The process of breaking up research is dangerous one, according to UH's Big Idea. Graphic byMiguel Tovar/University of Houston

Salami slicing, breaking a paper on a single study up into smaller “slices” and publishing them in more than one journal, is broadly discouraged and considered unethical. Why does the practice persist? What do PIs believe are the benefits of doing it?

Two problems

Breaking up research into smaller slices can have serious consequences for scientific integrity. Researchers, especially younger researchers, may get used to looking at data in smaller pieces and not as a whole. This is dangerous from an academic perspective as valuable conclusions, that could have been derived if the data were presented as a whole, are overlooked.

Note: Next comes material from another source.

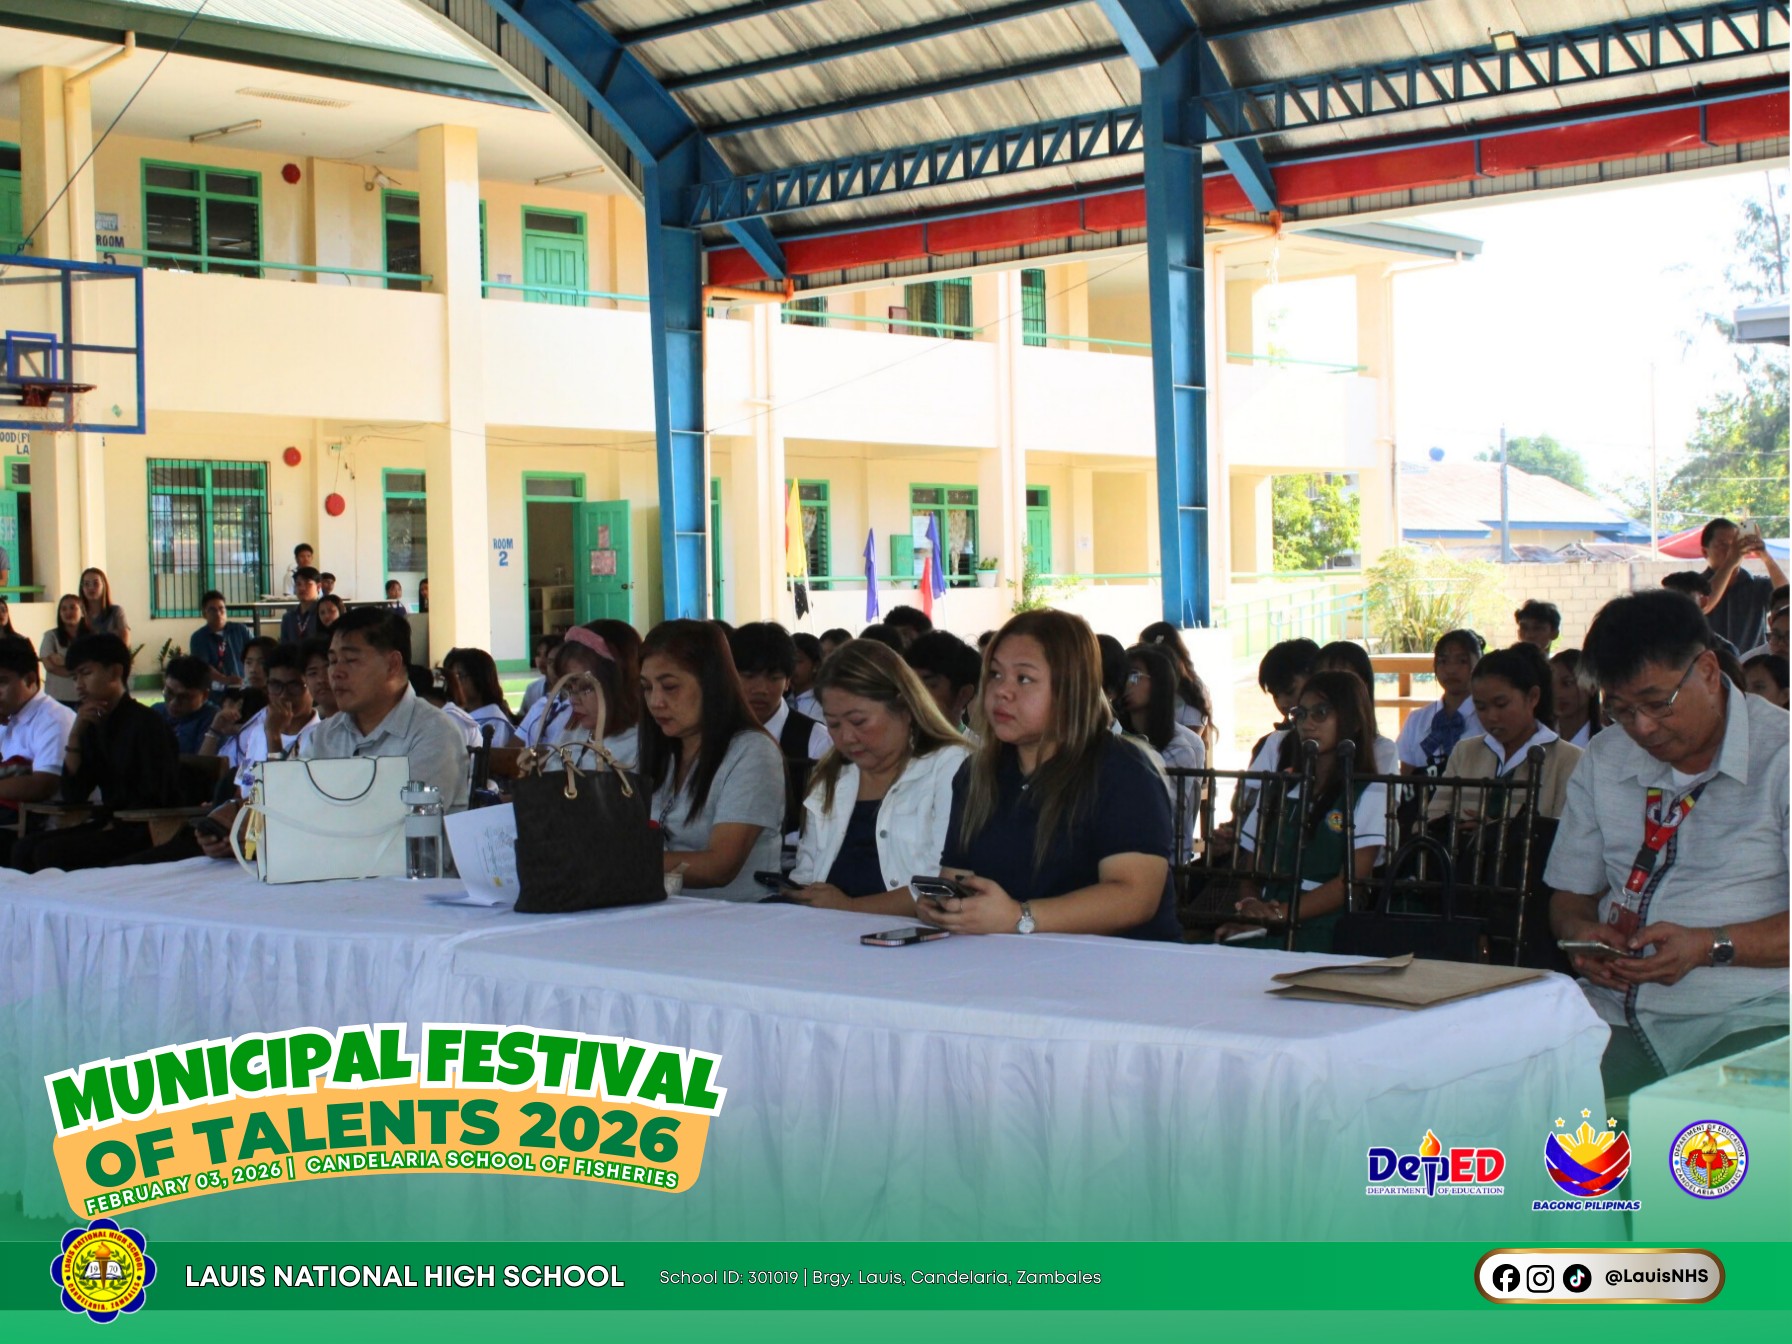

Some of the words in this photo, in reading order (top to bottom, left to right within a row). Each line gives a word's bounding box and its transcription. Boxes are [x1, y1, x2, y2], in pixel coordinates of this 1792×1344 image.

[96, 234, 125, 248] ROOM
[493, 538, 514, 549] ROOM
[498, 551, 508, 566] 2

Further, salami slicing of data may do more harm than good to a researcher’s career over time because it significantly reduces their chances of publishing in high impact journals, thereby lessening the weight of their accrued body of work.

One reason salami slicing still persists, is that there is a veritable avalanche of papers vying for publication. And the number seems to be steadily increasing.

“The academic market became more competitive after the nation’s economic downturn, in 2008,” said Rodica Damian, UH associate professor of psychology. “We saw a lot of competition between those with Ph.D.s and those who were conducting postdoc research. Before, you needed a postdoc if you were in Biology, for instance – but you didn’t need one if you had a doctorate in Psychology. That is no longer the case.”

Another reason salami slicing might persist is that advisors may suggest to a graduate student that they write a series of simpler papers as opposed to a more complex paper consisting of multiple measurements. A researcher might get these “single-lens papers” published much more quickly than their multi-faceted counterparts, due to the amount of background research the journal’s editors need to do on the more complicated papers.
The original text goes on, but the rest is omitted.